Pa came in eventually, looked the baby over without a word, then finally spread one big, callused hand on the crib's dome. He put the other hand on my shoulder. I felt a tremor in it. "What d'ya think, Ben?"
"He's a Cracker," I said hoarsely. "If we don't give him a chance to prove hisself, who's gonna?"
Pa squeezed my shoulder. "Then we're agreed. Your Mama'll be proud of you. Proud of us both. She loves him."
"Then so do we," I said.
"There are places you can send this baby, Mr. Thocco," the doctor said behind us. "The state runs some institutions where he'll be cared for. There's no cost, if you put him there. Would you like to discuss a place for him to ..."

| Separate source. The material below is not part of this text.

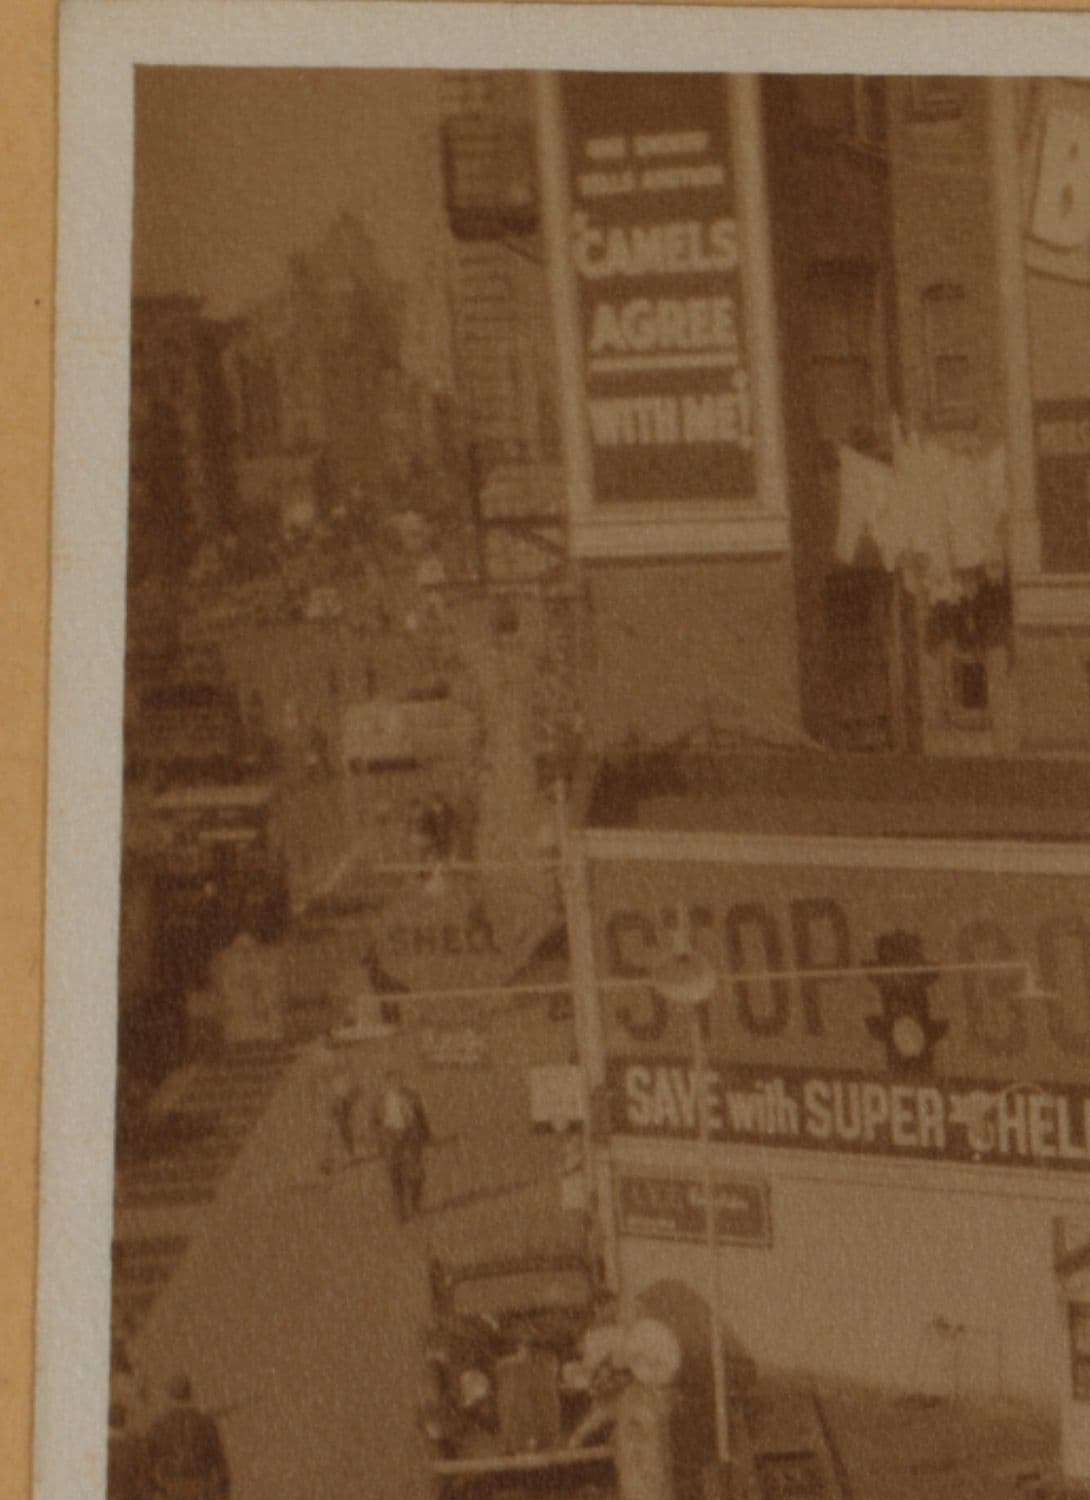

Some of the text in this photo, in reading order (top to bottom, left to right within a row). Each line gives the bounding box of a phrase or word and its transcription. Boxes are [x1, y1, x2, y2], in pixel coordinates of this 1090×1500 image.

"His name's Joseph," Pa said. "It was my granddaddy's name."
"A place for Joseph . . . "
"Joey," I said. "He's got enough to do without toting a long name. Don'cha think, Pa?"
"Joey," Pa agreed. Pa and me traded another nod. Joey would need all the help we could give him. It'd take two men and a Mama to carry Joey along. I steeled my spine. We could do it. It was the cowboy way.
The doc kept trying. "A place ..."
"Yeah," Pa said. He turned to the doc with a face that could set concrete. "We call that place 'home."'
We took Joey and Mama home to Ocala the next day. We made the best of it. And you know what? Joey was worth the best. Even though me and Joey would end up alone in the world a lot sooner than I knew. Even though finding a home for us would take more sacrifice than I realized.
I never again wished he hadn't been born.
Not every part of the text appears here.